KEEPING THE AFGHANS POSTED: Postman Shah Mohammad in front of the Barikot Post Office where he works in Kabul.
In a city riddled by a constant fear of attacks, anonymity is highly prized. Most walls
are high and very few houses have names of tenants on the door. And yet, as Subel
Bhandari and Najeebullah Hazem find out, a phone number may do the trick!
It took Graeme Smith two years to receive a letter from his employer in Brussels welcoming him to a new job in Afghanistan.
“Some say that the mail arrives quickly. I think that this letter was lost,” says Smith, a political analyst for the International Crisis Group who started work at the Kabul office in 2012.
In Kabul, there are no postal codes. A project to set up such a system by the Afghan Post, a member of the Universal Postal Union since 1928, has been stalled because the city’s streets are still mostly nameless.
Most of the hundreds of thousands of homes have no house numbers either.
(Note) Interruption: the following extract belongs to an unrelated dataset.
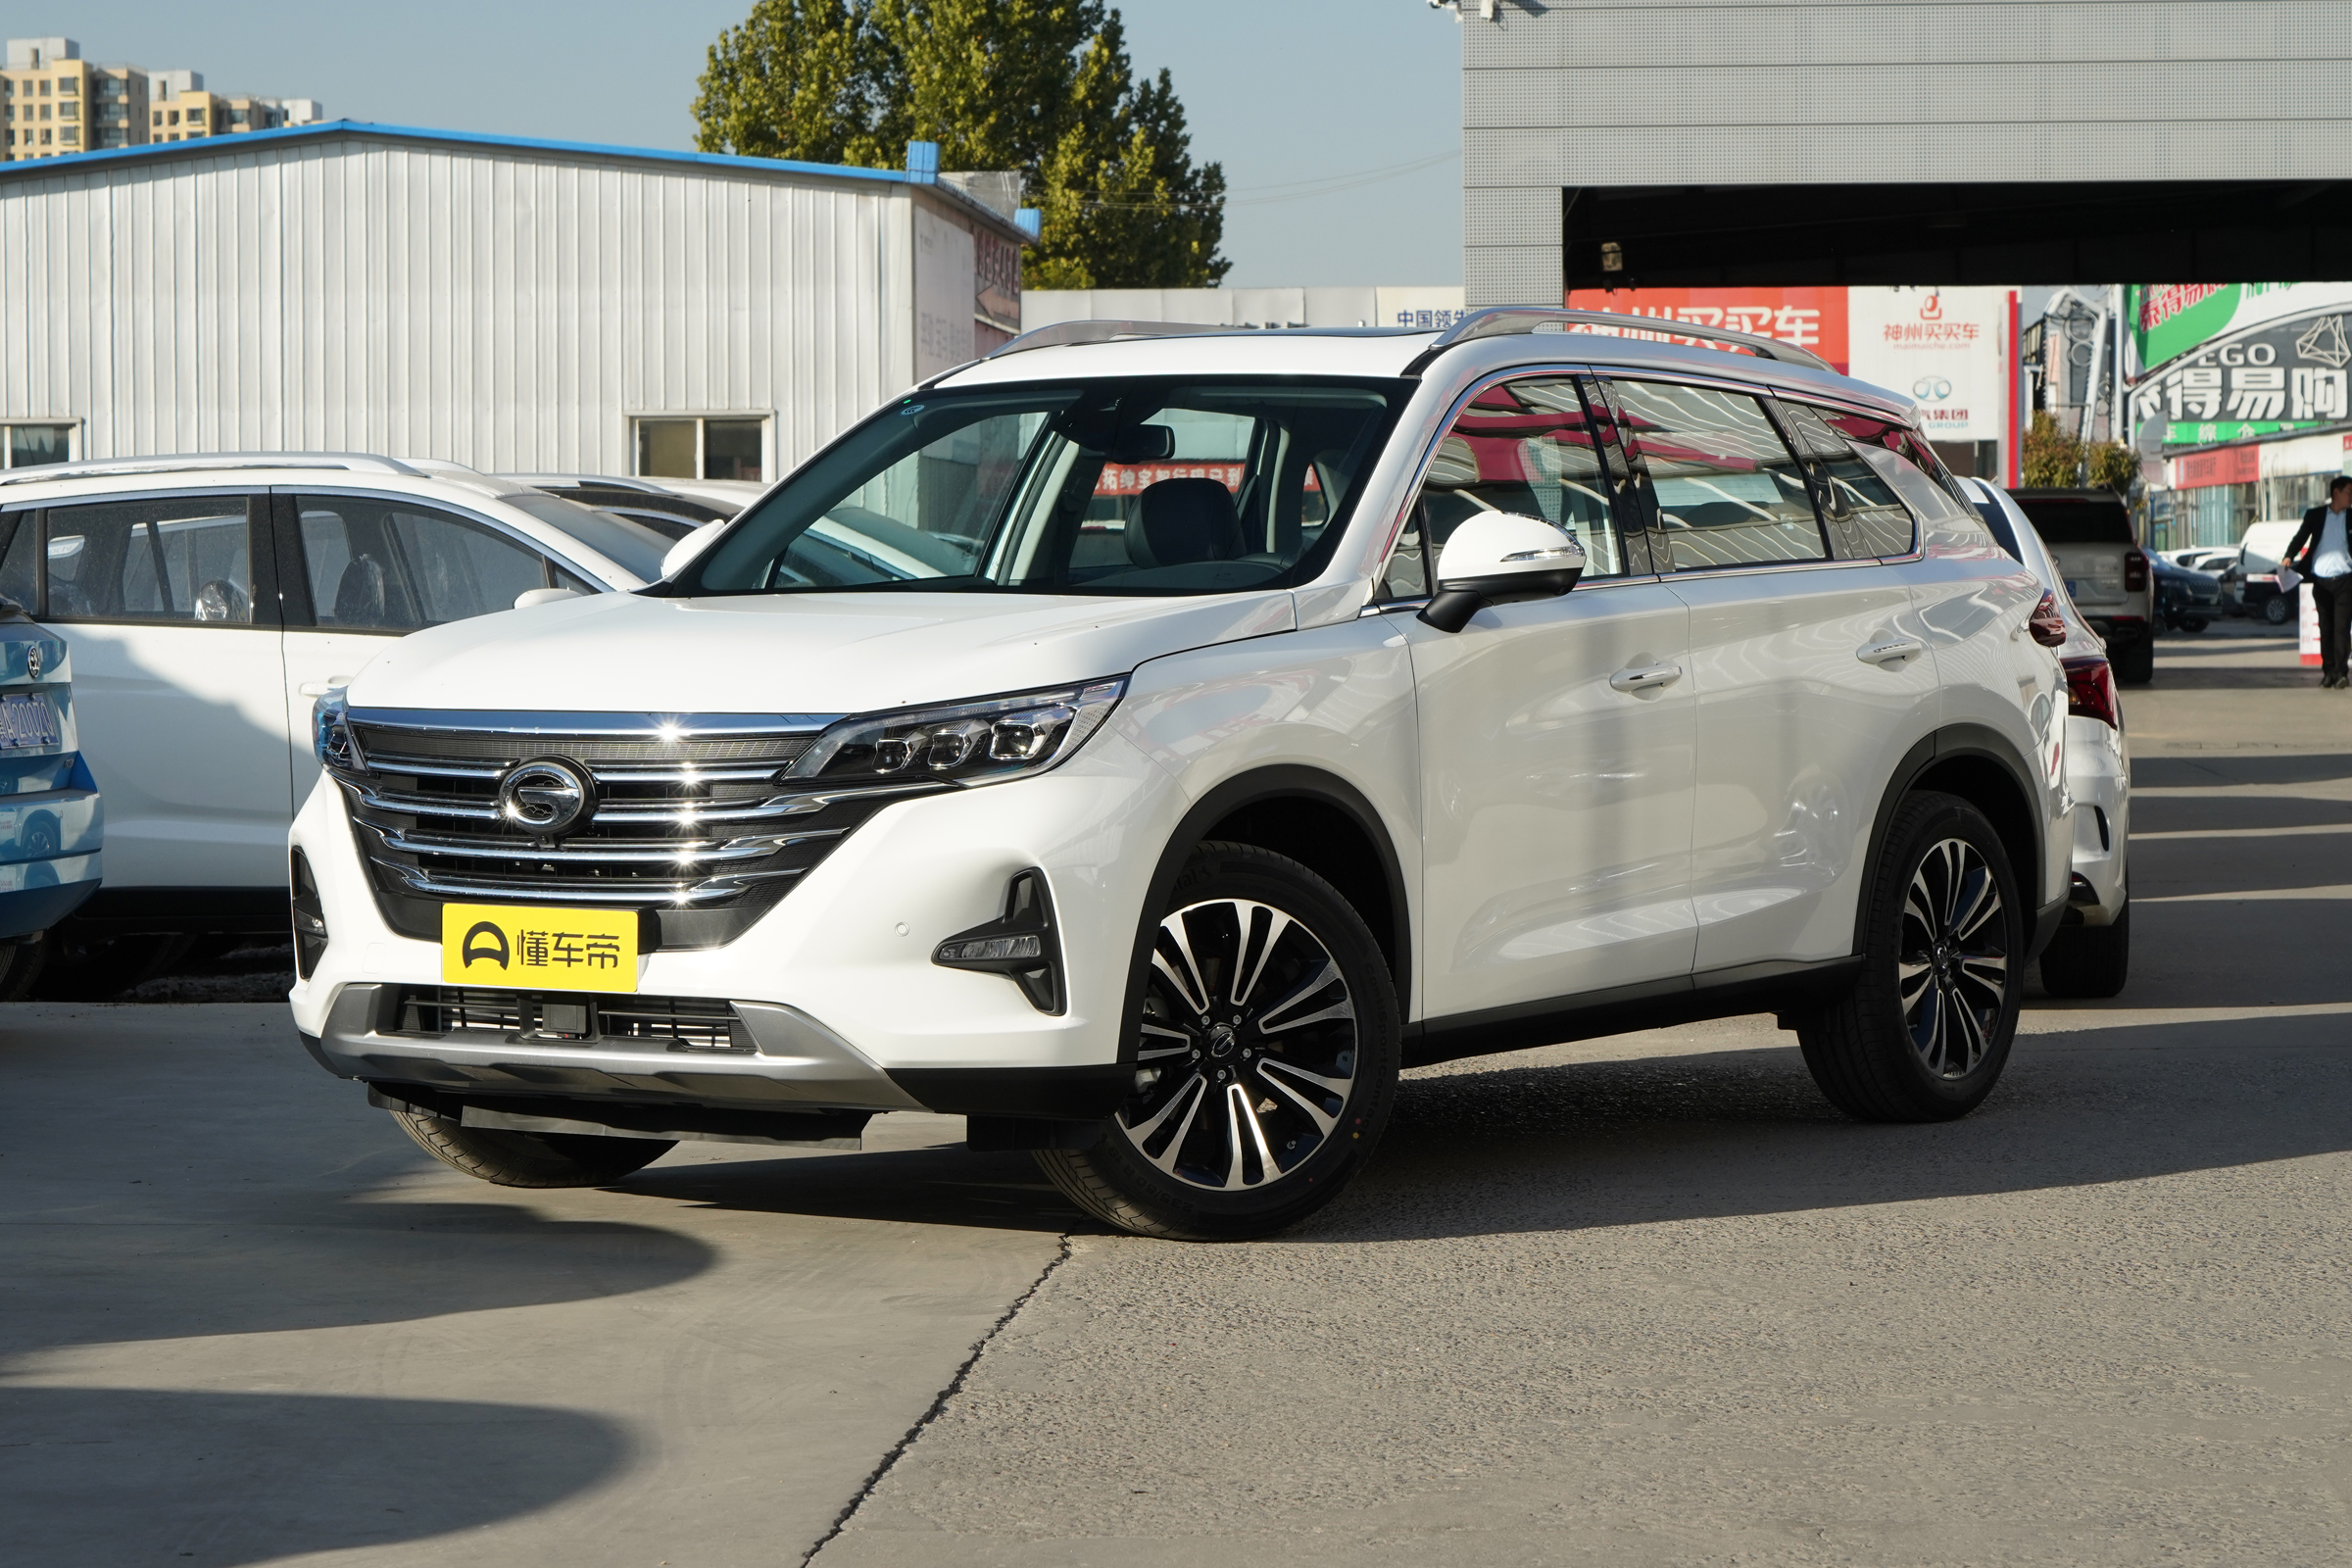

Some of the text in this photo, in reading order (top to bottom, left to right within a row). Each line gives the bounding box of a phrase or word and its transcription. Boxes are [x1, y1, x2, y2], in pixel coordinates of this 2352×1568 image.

Aid money for development and reconstruction is supposed to fund such advances, but a multi-million-dollar effort by the municipality of Kabul to name the streets and allot house numbers is moving at only a snail’s pace.
At the Barikot Post Office in the Deh Mazang area of western Kabul, four people sift through thousands of mails each month. The site is one of the 25 branch offices of the Afghan Post in Kabul.
The office chief directs three postmen who deliver about 1,300 letters and parcels every day in Police Districts 7 and 3.
One of them is Shah Mohammad, 36, who has been a roundsman every day for the past 16 years, even on his wedding day.
Sometimes it takes him a couple of hours to deliver just one letter.
“The addresses are always vague. They write as if I know all of them personally,” he says.
Navigating the maze of the city is daunting in Kabul, with more than five million residents, a tenfold increase since 2001.
Thousands of buildings have gone up without proper permits, many of them on the land grabbed by local strongmen with political ties. Many houses on the hills don’t even have water or electricity supplied yet.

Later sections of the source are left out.